How AI helps new IoT developers

When I need help with a topic in the web development world I can usually find it from a quick Google search. Platforms like GitHub and Stack Overflow have served the software world for decades, and have proved invaluable for me as I’ve learned tools like jQuery and React over the years.

But while these sort of resources exist in the IoT world, they’re both significantly less common (there are way fewer IoT developers), and significantly more fragmented.

If you’re building a new web application today, you’re using a standard set of technologies (HTML, CSS, JavaScript/TypeScript), and then likely one of a handful frameworks one top of the core tech (React, Vue, Angular, etc).

If you’re building a new IoT project today, you have thousands of potential boards you might use, thousand of potential sensors and peripherals you might leverage, multiple operating systems that may run on your boards, and multiple programming languages that can run your firmware. While this choice can be powerful, it can quickly overwhelm new users that just want to know “the right way” to start a new project, and get help when things inevitably go wrong.

This is where AI comes in. Modern AI-powered chatbots have no issue dealing with fragmentation and complexity, and know about every board, OS, and language ever created.

Personally, I’ve found that AI-based answers for IoT questions are not only good, but strangely good—aka higher quality than comparable questions I ask for general software development. And I have a theory for why: hardware companies in the IoT world have a practice of publishing extremely high-quality guides to the boards, sensors, and components they make. Peruse through some of these to see what I mean.

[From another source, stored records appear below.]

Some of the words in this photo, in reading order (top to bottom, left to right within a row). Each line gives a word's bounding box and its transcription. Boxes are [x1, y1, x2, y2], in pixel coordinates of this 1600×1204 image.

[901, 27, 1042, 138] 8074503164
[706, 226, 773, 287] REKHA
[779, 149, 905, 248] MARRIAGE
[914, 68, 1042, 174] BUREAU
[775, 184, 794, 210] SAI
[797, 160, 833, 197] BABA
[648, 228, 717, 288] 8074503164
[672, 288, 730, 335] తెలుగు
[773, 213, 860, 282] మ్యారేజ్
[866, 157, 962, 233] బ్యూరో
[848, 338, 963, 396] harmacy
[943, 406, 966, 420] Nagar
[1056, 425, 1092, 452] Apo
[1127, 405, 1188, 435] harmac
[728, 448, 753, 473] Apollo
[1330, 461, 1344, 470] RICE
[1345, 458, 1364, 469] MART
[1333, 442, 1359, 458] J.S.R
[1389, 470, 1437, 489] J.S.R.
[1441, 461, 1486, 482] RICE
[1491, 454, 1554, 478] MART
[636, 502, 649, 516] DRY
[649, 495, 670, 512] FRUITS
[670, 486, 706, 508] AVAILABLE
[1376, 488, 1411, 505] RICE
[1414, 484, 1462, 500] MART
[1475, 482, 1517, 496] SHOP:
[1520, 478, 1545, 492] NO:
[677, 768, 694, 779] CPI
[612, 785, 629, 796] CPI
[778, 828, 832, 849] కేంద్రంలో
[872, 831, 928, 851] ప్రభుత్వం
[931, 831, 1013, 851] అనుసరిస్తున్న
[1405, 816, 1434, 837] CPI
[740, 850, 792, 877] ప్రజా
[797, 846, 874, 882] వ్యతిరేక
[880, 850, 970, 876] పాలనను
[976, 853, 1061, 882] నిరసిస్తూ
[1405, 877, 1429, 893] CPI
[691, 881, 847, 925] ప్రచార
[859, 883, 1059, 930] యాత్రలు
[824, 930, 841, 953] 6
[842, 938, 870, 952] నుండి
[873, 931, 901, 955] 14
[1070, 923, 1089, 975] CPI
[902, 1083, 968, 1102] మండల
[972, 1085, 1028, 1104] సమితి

Listing of Microchip's help documents Microchip’s document listing showing the 50,000+ docs they make available

All of these guides make for perfect input for modern AI models to leverage.

My experience

Doing IoT work is hard because it encompasses so many different skillsets: electrical engineering, hardware design, firmware development, and so on.

Where I’ve personally found AI to be most transformational is with individuals that are already experts at one of these skills, but lack the full skillset to build a real project—for instance an electrical engineer that doesn’t know anything about firmware, or a C developer that knows nothing about hardware.

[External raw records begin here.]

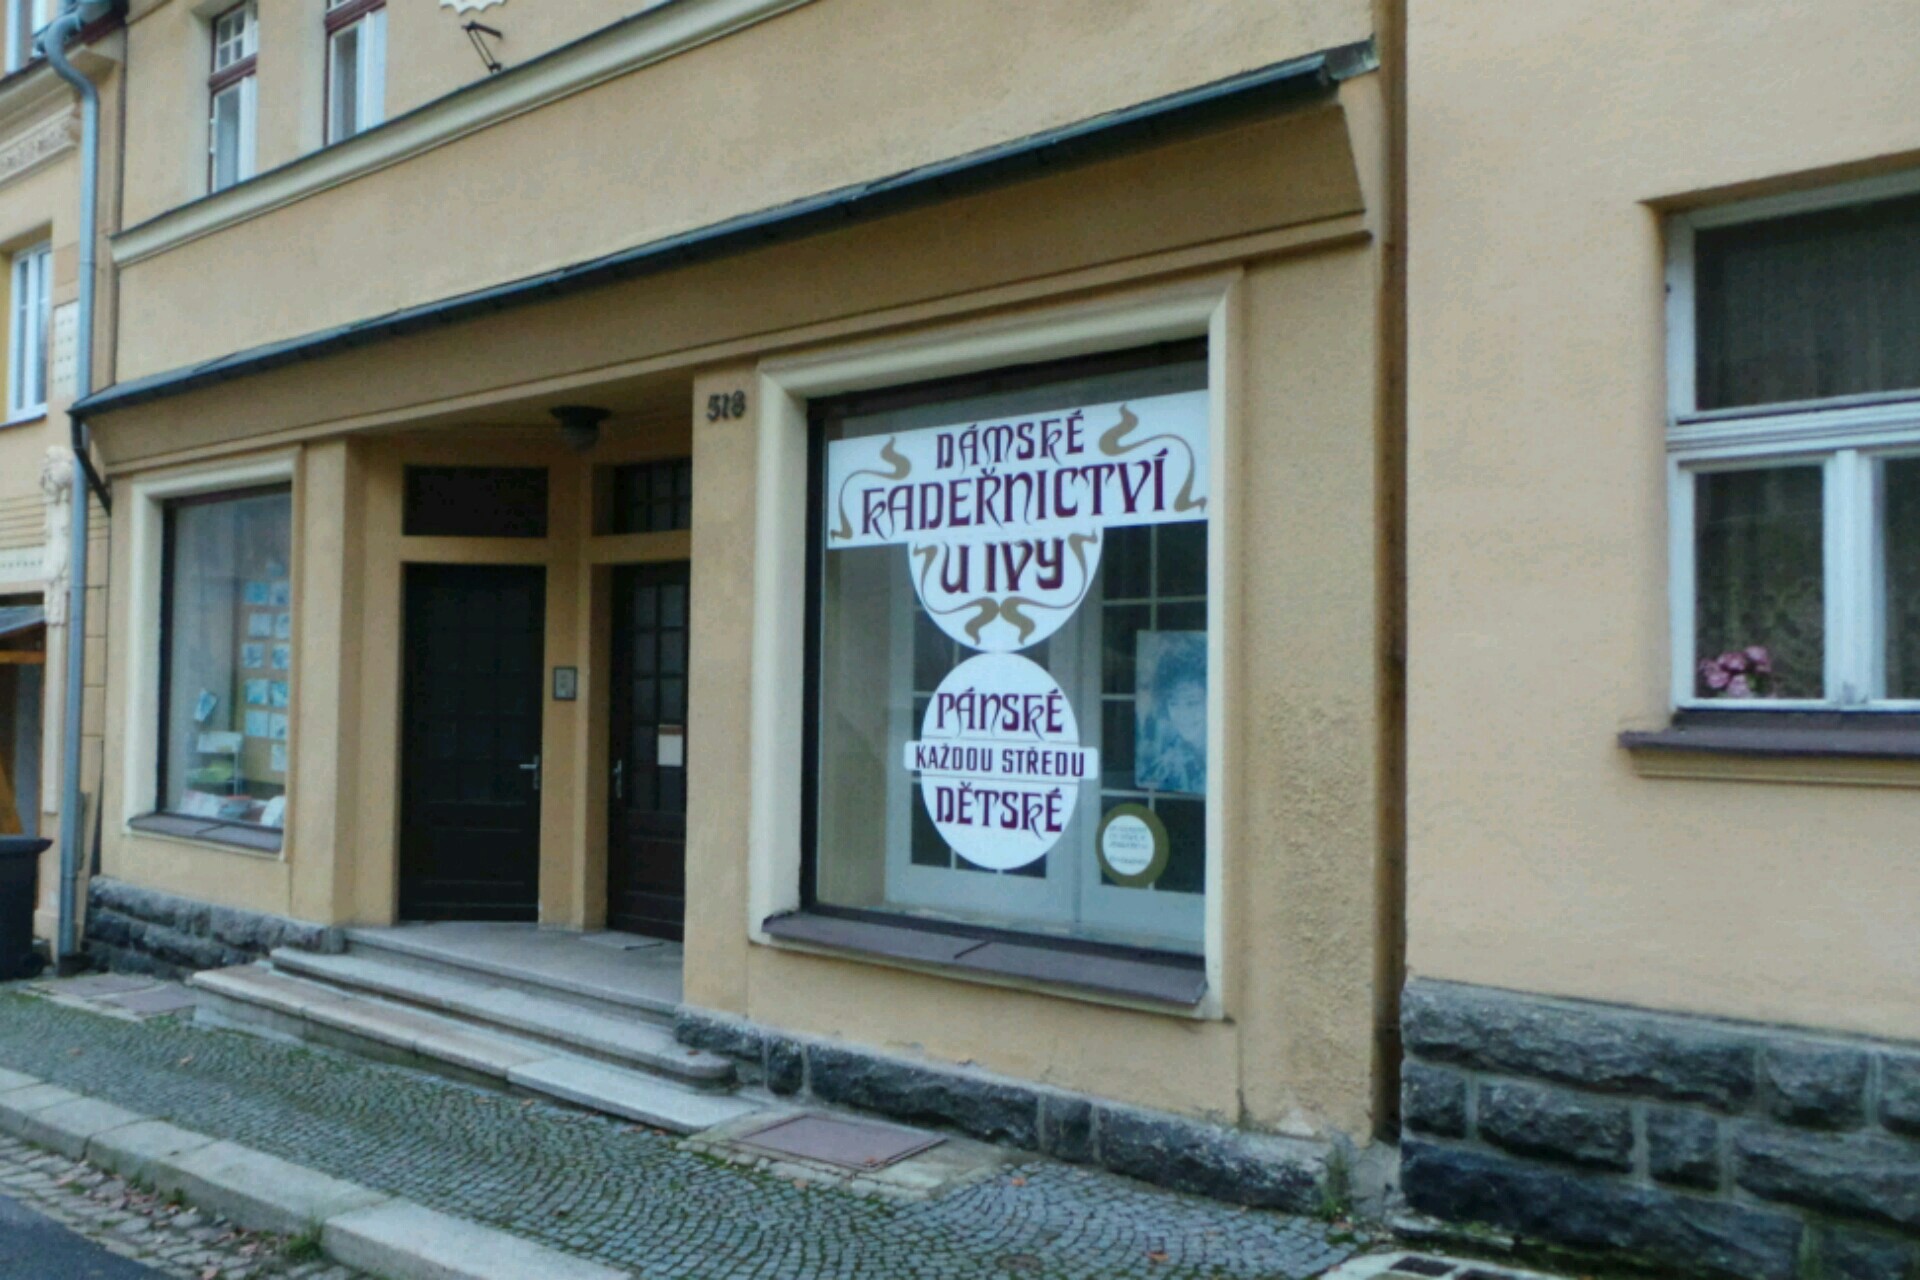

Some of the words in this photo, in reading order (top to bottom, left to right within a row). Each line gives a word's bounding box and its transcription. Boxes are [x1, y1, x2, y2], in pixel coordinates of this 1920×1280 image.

[936, 410, 1084, 471] DÁMSKÉ
[861, 448, 1168, 540] KADEŘNICTVÍ
[941, 542, 969, 593] U
[987, 539, 1064, 592] IVY
[937, 687, 1062, 740] PÁNSKÉ
[915, 744, 993, 772] KAŽDOU
[1002, 746, 1085, 777] STŘEDU
[935, 781, 1062, 840] DĚTSKÉ
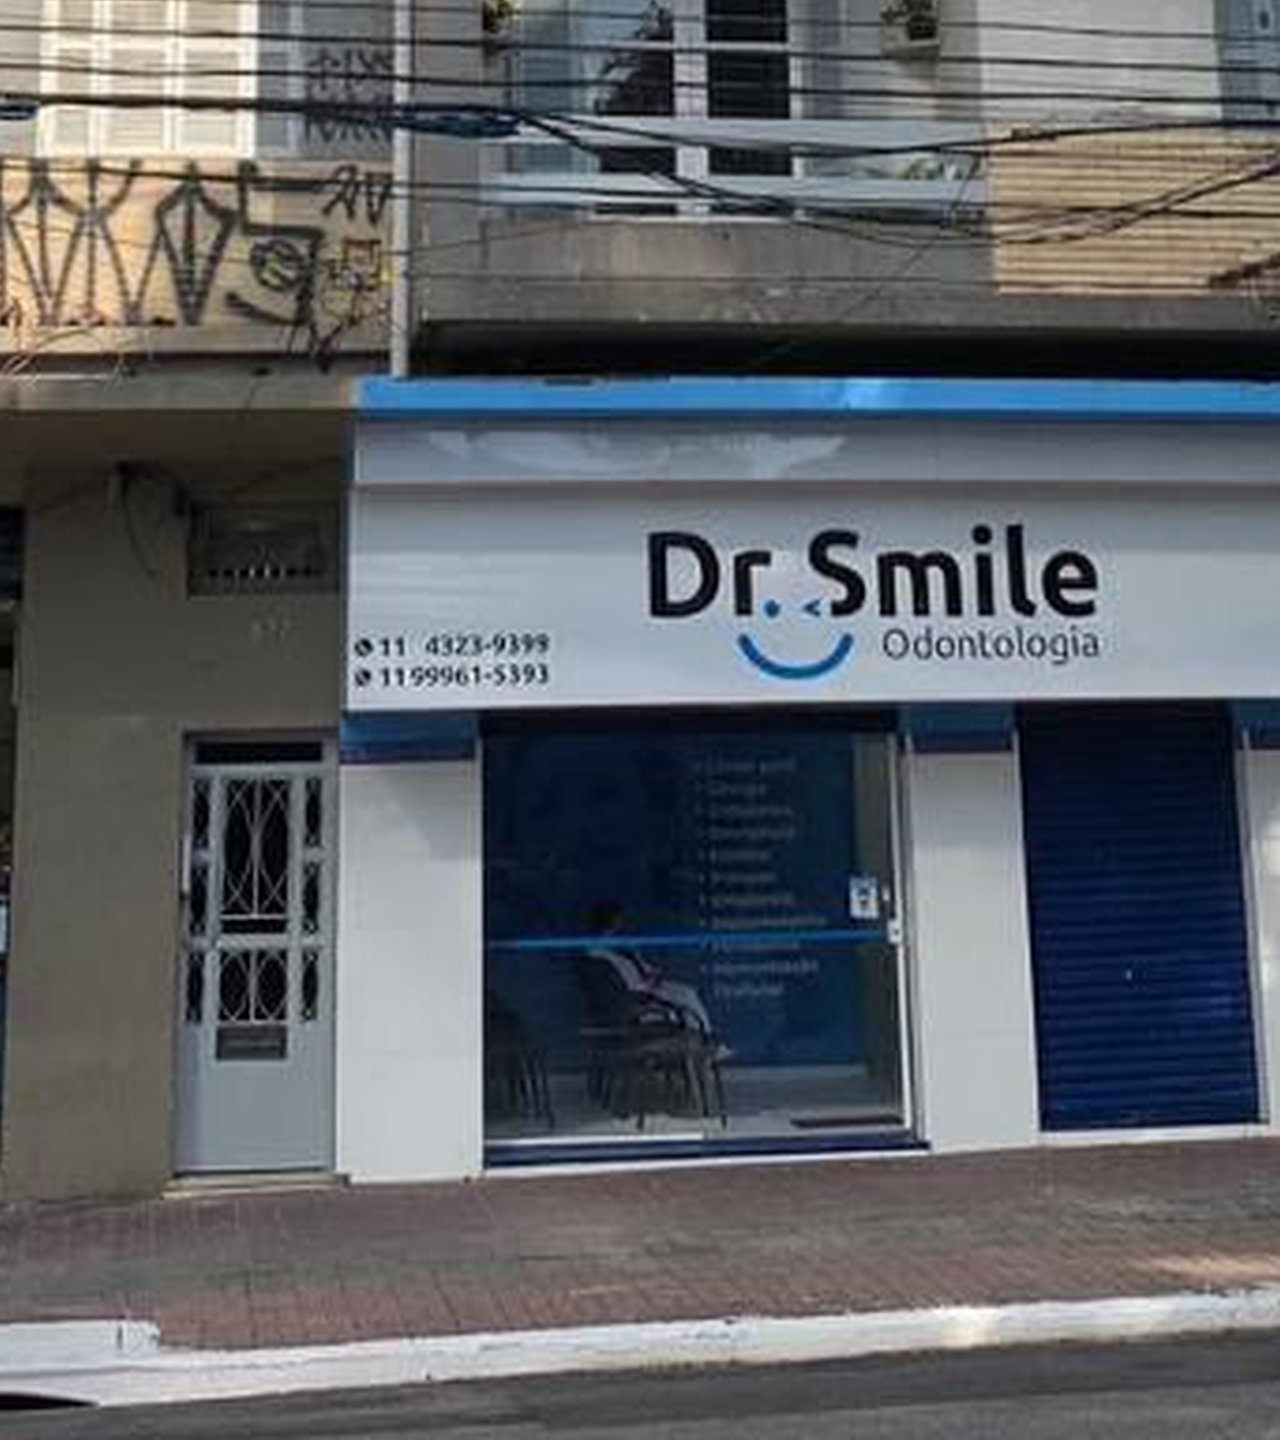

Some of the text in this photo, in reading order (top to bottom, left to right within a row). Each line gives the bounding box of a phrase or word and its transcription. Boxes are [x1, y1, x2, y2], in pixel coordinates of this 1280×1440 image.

[808, 525, 1099, 617] Smile
[381, 636, 406, 657] 11
[883, 627, 1100, 665] Odontologia

I’m a perfect example of this. On a recent Home CO2 Monitor I built I had no trouble putting together a quick web dashboard because that’s my bread and butter—it was fun actually. But when it came to selecting hardware components, wiring everything together, writing power-efficient firmware, writing C code that doesn’t leak memory, and making an outdoor device that could run off solar power—I needed help. And while what I ended up building isn’t going to win any awards, and isn’t cost- or power-efficient enough to be a product I could sell—it works, and I was able to build it.

And that’s my hope for AI in the IoT world. So many people are intimidated by the idea of building a physical project that they never even attempt it, or they do attempt it, fail, and give up on ever trying again. If this is you and it’s been a few years, I’d encourage you to give it another go now that you can use an AI-powered chatbot as your sidekick. You might be amazed at what you can do.